Source: AmericanCatholic.org

Tom (Martin Sheen) is a prosperous doctor, a widower and a kind of “retired” Catholic. His son Daniel (Emilio Estevez) is a doctoral student who decides to put his dissertation on hold to go on a journey to find himself and discover life’s meaning. Tom thinks he is wasting his time and not taking responsibility for his life.

Not long after, Tom gets a call on the golf course with the news that his son has died in an accident in a small village in France. He goes there to bring Daniel’s body home. He is surprised to find that his son is traveling very light and that he was ready to begin a 500 mile pilgrimage on foot, with only a rucksack with necessities.

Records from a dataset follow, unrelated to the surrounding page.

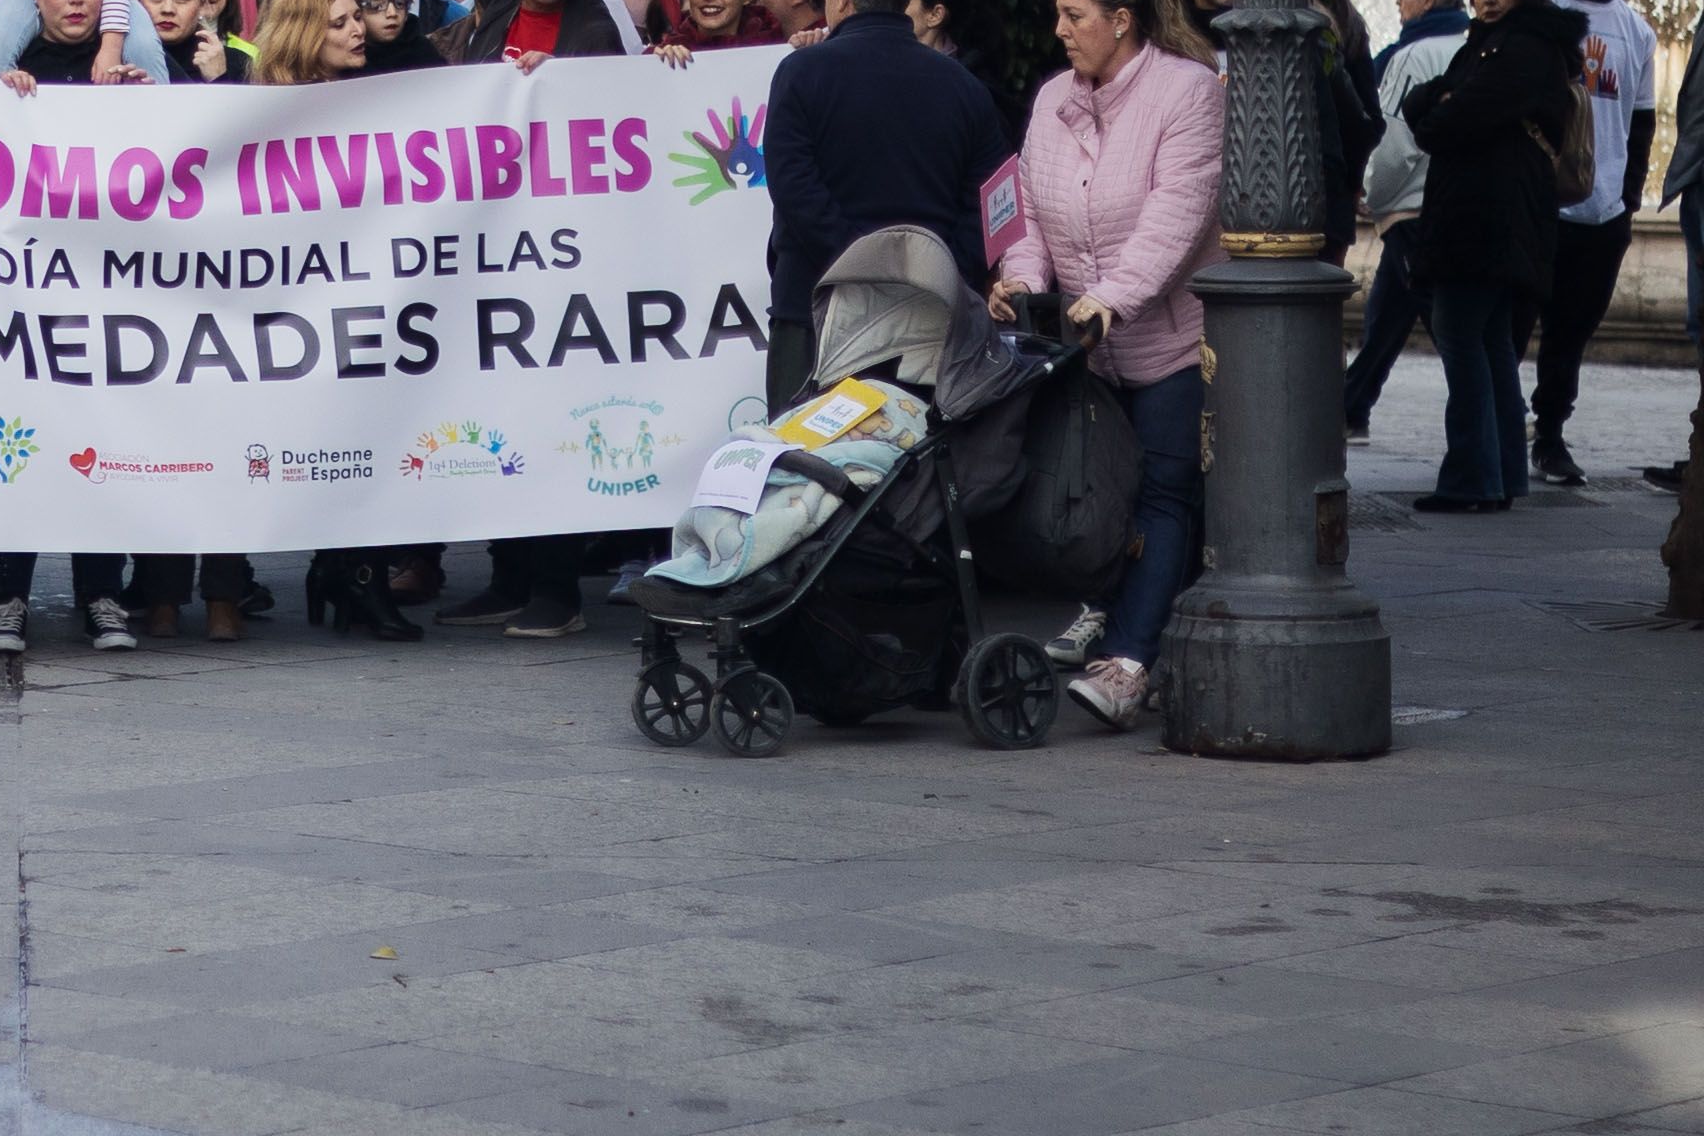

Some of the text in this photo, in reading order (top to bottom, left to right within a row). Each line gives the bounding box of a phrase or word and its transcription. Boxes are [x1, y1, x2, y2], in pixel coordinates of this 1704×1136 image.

[236, 117, 653, 217] INVISIBLES
[103, 240, 371, 290] MUNDIAL
[390, 234, 460, 280] DE
[477, 227, 583, 274] LAS
[813, 414, 845, 430] UNIPER
[281, 448, 374, 466] Duchenne
[449, 458, 497, 470] Deletions
[99, 461, 215, 474] MARCOS CARRIBERO
[310, 464, 374, 484] España
[587, 473, 661, 496] UNIPER

Tom decides to make “el camino” or “The Way” to the shrine of Santiago de Compostela in Spain, a path worn by the feet of thousands of pilgrims for a thousand years. The Shrine of St. James the Great is the destination, where the relics of the apostle are believed by many to lie under the altar. He places Daniel’s ashes in a metallic box in the rucksack and sets off. The next morning, after sleeping on a riverbank, he drops the rucksack into a river and in the struggle to retrieve it is thoroughly soaked. But it is a sign of a new beginning for Tom, washed clean to start again.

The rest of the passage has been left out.